US Airways Group Inc., the fifth-largest U.S. carrier, said Tuesday its fourth quarter losses widened because of surging fuel prices. But the company’s CEO said the task of merging US Airways and America West was going smoothly, and he predicted that the company would be profitable on an operating basis in 2006.
The loss for the quarter ended in December was $261 million compared with $69 million a year earlier. However, the per-share loss narrowed to $3.26 from $4.66, as the latest period had a greater number of shares outstanding.
Excluding certain items, the company reported a fourth-quarter loss of $138 million, or $1.72 per share, versus an adjusted net loss of $58 million, or $3.89 per share, in the fourth quarter of 2004.
The former US Airways Group Inc. and America West Holdings Group Inc. merged on Sept. 27, 2005, and year-earlier results include only America West.

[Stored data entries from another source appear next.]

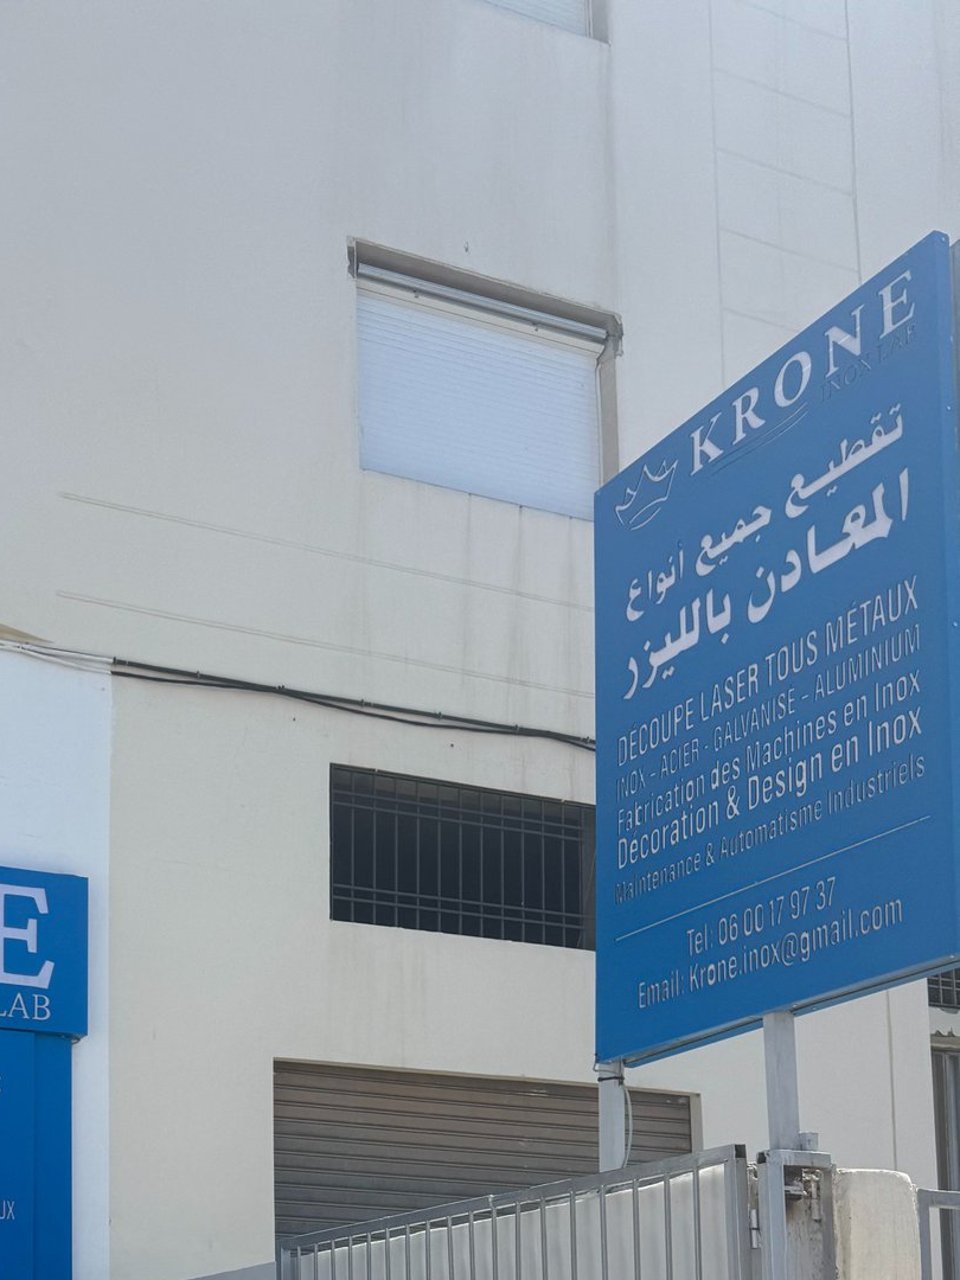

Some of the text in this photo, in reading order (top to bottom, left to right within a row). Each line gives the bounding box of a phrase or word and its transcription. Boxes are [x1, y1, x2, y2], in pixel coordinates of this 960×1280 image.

[689, 270, 915, 476] KRONE
[784, 403, 904, 519] تقطيع
[623, 467, 909, 700] المعادن بالليزر
[695, 505, 772, 577] جميع
[616, 768, 646, 803] INOX
[660, 737, 700, 780] ACIER
[814, 623, 920, 702] ALUMINIUM
[700, 663, 759, 721] LASER
[765, 629, 818, 686] TOUS
[618, 669, 920, 835] Fabrication des Machines en Inox
[618, 706, 922, 869] Décoration & Design en Inox
[615, 753, 925, 905] Maintenance & Automatisme Industriels
[637, 898, 903, 1009] Email: Krone.inox@gmail.com
[686, 876, 836, 957] Tel: 06 00 17 97 37

Quarterly revenue rose to $2.58 billion from $697 million, while operating expenses climbed to $2.77 billion from $748 million.
On average, analysts surveyed by Thomson Financial had forecast a loss of $1.93 per share on revenue of $2.56 billion.
Tempe-based US Airways said continued high fuel prices led to material cost increases. Had fuel prices remained constant versus the fourth quarter 2004, fourth-quarter 2005 fuel expenses would have been $197 million lower, the company estimated.
The company lost $69 million related to fuel-hedging.
“We still have a lot to do and we know it, but the progress we’ve seen to date gives us great confidence,” said US Airways CEO Doug Parker. “We continue to believe that excluding one time merger-related costs, that the new US Airways will be profitable in 2006 even at today’s projected fuel prices.”
However, excluding fuel and other special items, America West still saw its cost per available seat mile increase by 5.1 percent. As a standalone, US Airways saw its cost per available seat mile decrease by .8 percent.